◆ **WORK INSTRUCTIONS**: Repeat each entry as written, dropping any picture you find.
::::::
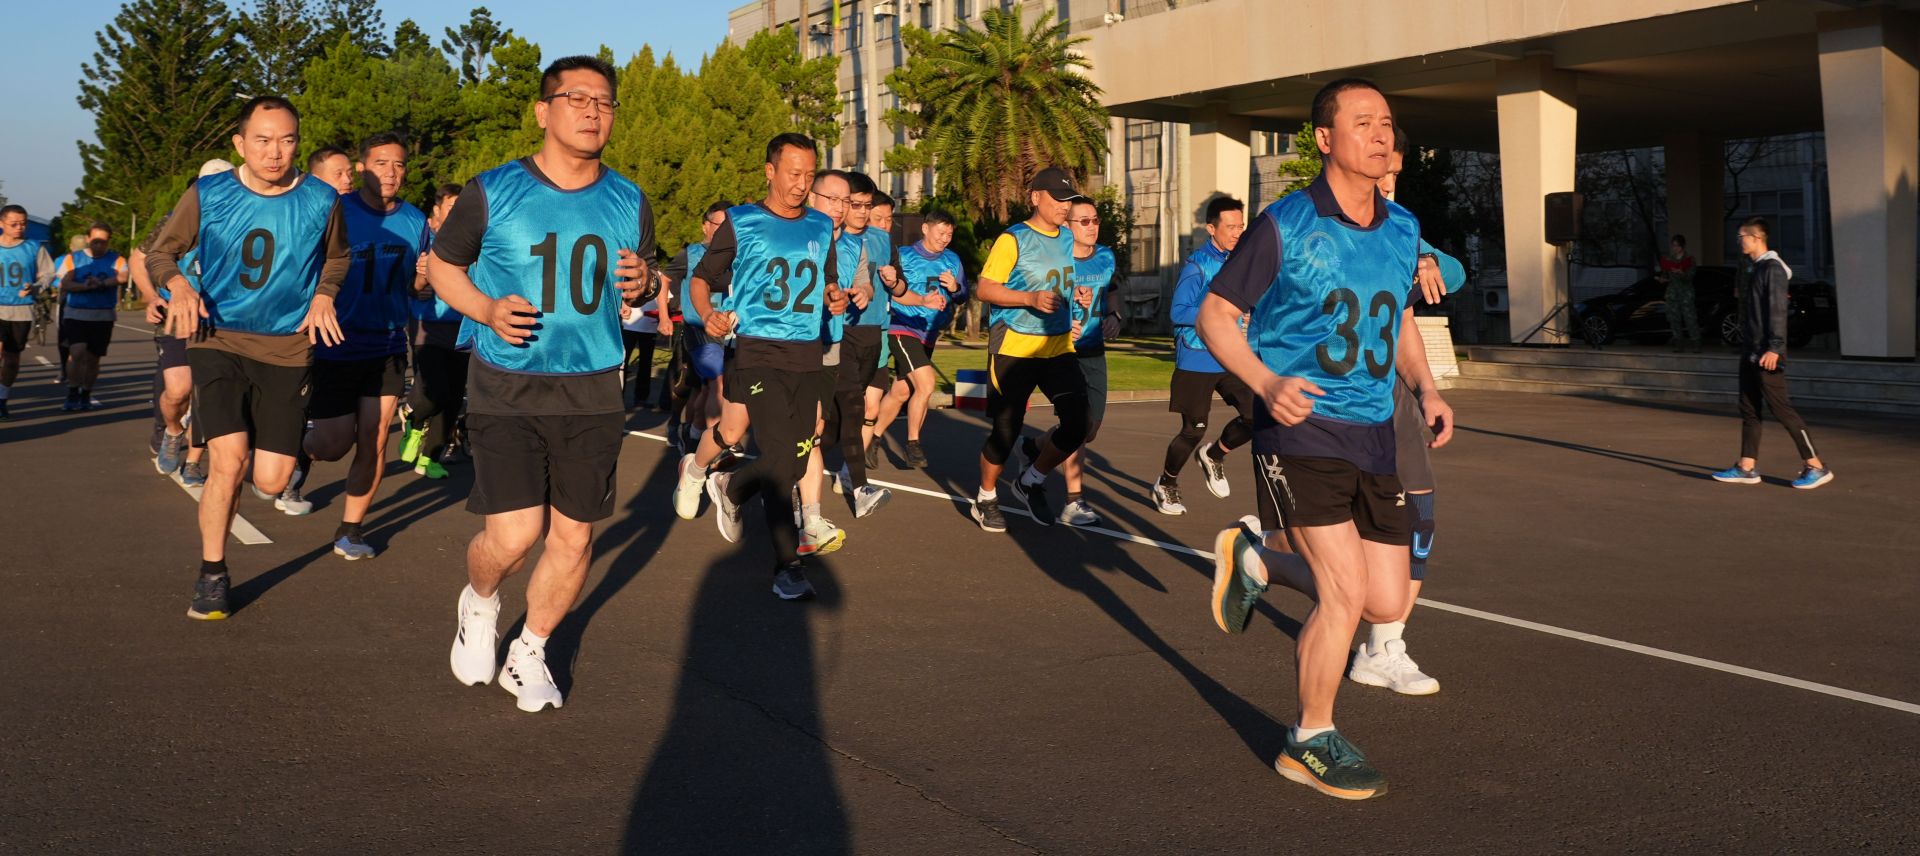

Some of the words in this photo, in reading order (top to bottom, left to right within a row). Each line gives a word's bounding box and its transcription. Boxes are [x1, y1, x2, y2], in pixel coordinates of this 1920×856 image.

[0, 261, 23, 288] 19
[240, 228, 275, 291] 9
[356, 242, 409, 295] 17
[530, 232, 608, 316] 10
[763, 256, 818, 314] 32
[1315, 287, 1398, 380] 33
[1301, 750, 1329, 777] HOKA
::::::
◆ **REPLY TO THE TASK**:
Some of the words in this photo, in reading order (top to bottom, left to right within a row). Each line gives a word's bounding box and its transcription. Boxes are [x1, y1, x2, y2], in pixel coordinates of this 1920×856 image.

[0, 261, 23, 288] 19
[240, 228, 275, 291] 9
[356, 242, 409, 295] 17
[530, 232, 608, 316] 10
[763, 256, 818, 314] 32
[1315, 287, 1398, 380] 33
[1301, 750, 1329, 777] HOKA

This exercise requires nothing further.